New homebuyers have most likely made every mistake in the book when it comes to buying their first home. They’ve overpaid, overspent and bought homes they just couldn’t afford. And, most of the time, these missteps happen because buyers aren’t informed or don’t ask the right questions. Many of these missteps can be avoided. Here are some of the most common missteps buyers wish they knew to avoid the first time around:
I wish I hadn’t borrowed the full amount the bank told me I could afford: just because you’re approved for it doesn’t mean you should buy the most expensive house you can. A general rule, it’s wise to take 20% less than what the bank will lend you. For example, if you go to a bank or a mortgage broker, after evaluating your finances, income and savings, you qualify for a $400,000 mortgage. Though it may be tempting to take the full amount, knocking a fifth of the loan of the amount—which comes to $320,000—will automatically get you into a house that’s more affordable, safeguarding your family and financial security.
I wish I hadn’t been sucked in by the extra-low short-term adjustable rate mortgage: always go with a 30-year or 15-year fixed loan-and skip adjustable, creative financing, balloon payments and teaser loans. You never know what life may bring, so having consistent mortgage payments for the entire length of the loan allows you to better predict your ability to pay each month. A fixed mortgage offers confidence that the payment you have today will be the same in 10 or 15 years from now, no matter how the market, interest rate, or the economy changes over time.

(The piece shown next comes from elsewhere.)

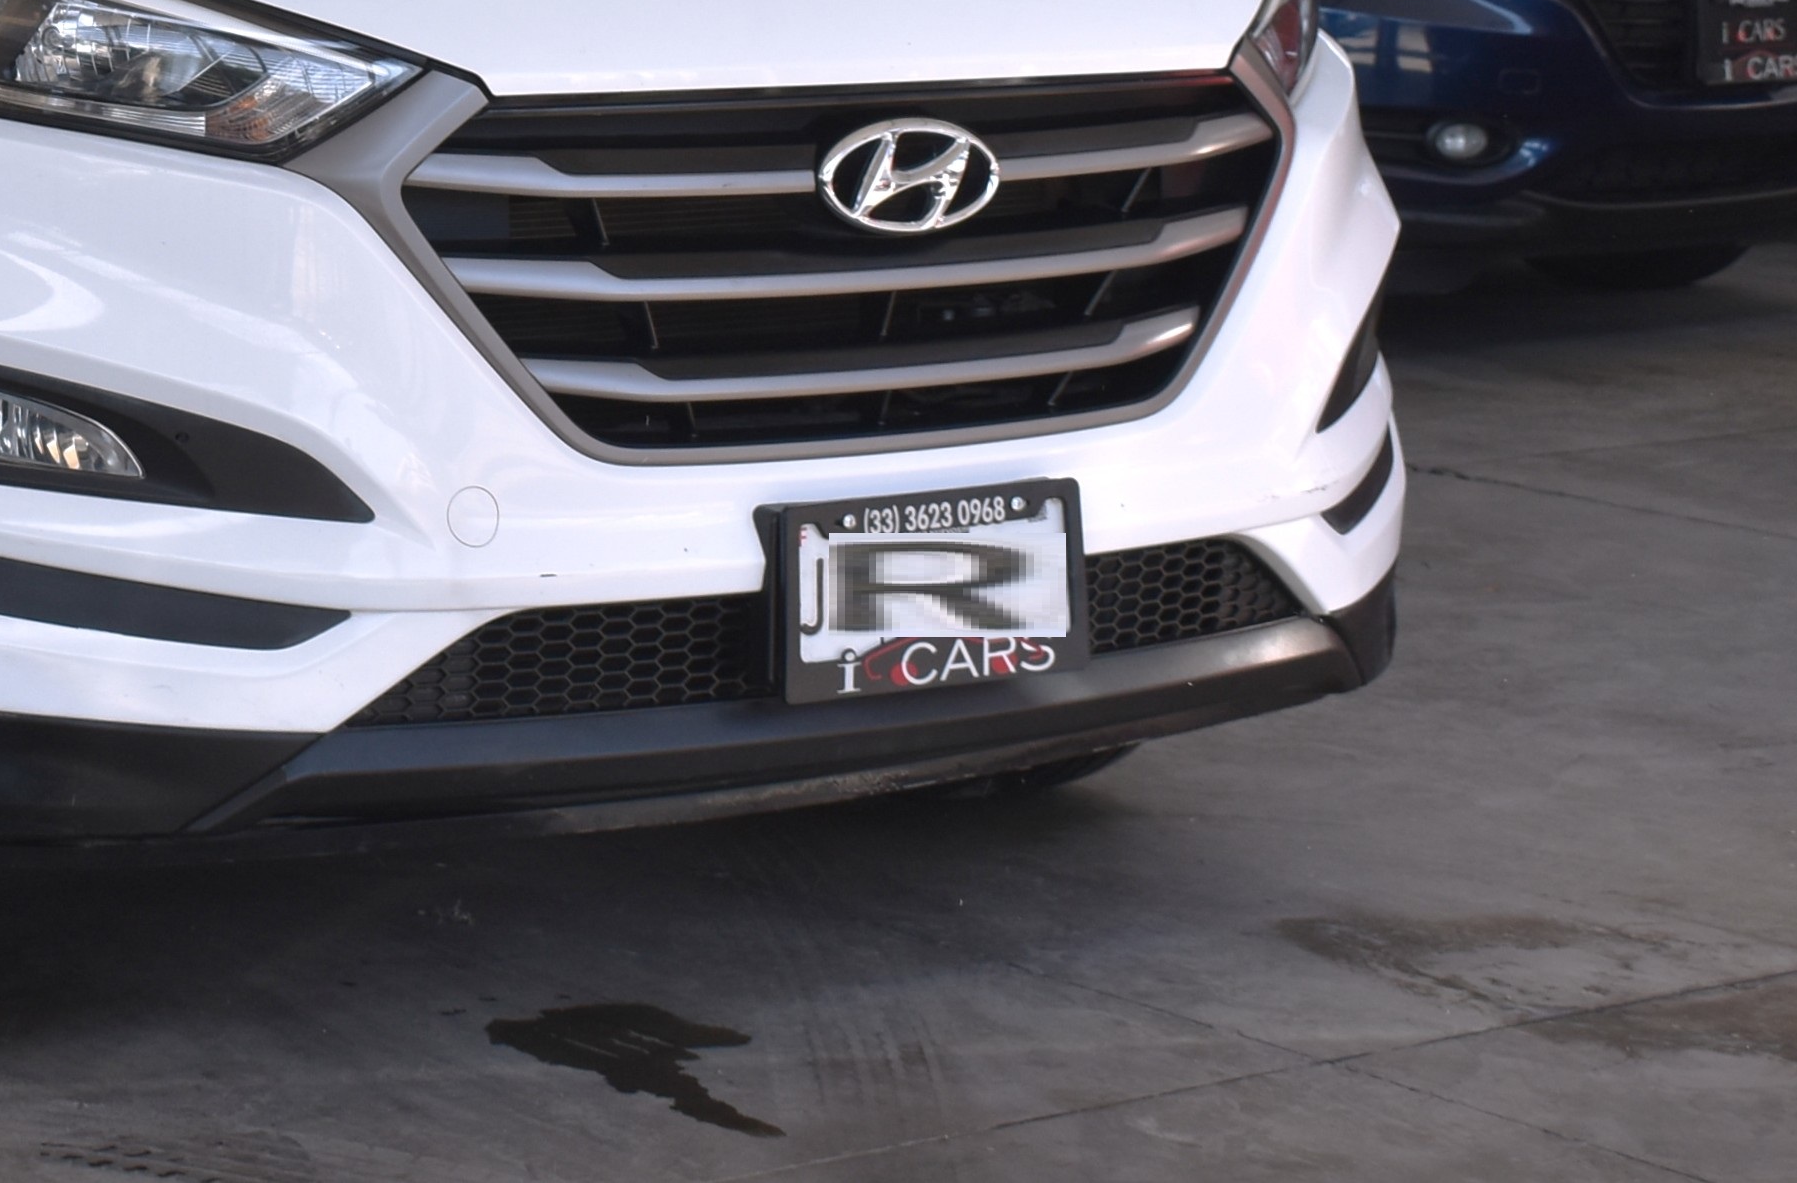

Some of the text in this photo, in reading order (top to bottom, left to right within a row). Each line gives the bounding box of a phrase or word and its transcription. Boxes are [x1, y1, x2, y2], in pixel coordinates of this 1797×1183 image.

[1737, 19, 1786, 43] CARS
[1747, 54, 1797, 80] CAR
[863, 496, 1005, 534] (33) 3623 0968
[901, 636, 1055, 685] CARS

I wish I hadn’t used up all my cash to buy the house: your home purchasing costs don’t stop with the down payment. You have to factor in closing costs, appraisal fees, buyer’s broker fees, loan application fees, loan broker fees, structural inspection fees etc. The down payment and closing costs are considered to be the ‘up-front costs’. After that, you’ve got ‘ongoing costs,’ which primarily consist of property taxes, homeowners insurance, hazard insurance, condo or co-op fees and moving expenses. Don’t be left with a zero balance in your checking account by the time you get the keys; factor in these additional costs ahead of time.
I wish I hadn’t wasted my time hunting foreclosures and short sales, only to miss some really good deals: just because it’s a distressed property doesn’t mean it’s a good deal; foreclosures aren’t a guaranteed bargain. If you’re looking for a steal (and you want it in a timely manner), avoid short sales and even some foreclosures. The deals can drag on for months and generally have higher interest rates. And even if the distressed home you’re looking at is well priced, the hoops you’ll have to jump through may just have an opportunity cost high enough to offset your monetary cost savings.
I wish I knew the one essential question to ask before I had bought my condo: there’s one question that can save you thousands of dollars and help you avoid a condo building that will become a money pit: has there been any discussion of possible future improvements, changes, renovations, or maintenance or any financial difficulties that would result in an assessment or charges to be leveraged against all condo/home owners? Make sure to get the answer in writing. This question is critical because the condo association board must answer honestly or it could be held liable. All condo meetings must provide notes that can be subpoenaed, so any discussion of assessments, current or future, could be proven.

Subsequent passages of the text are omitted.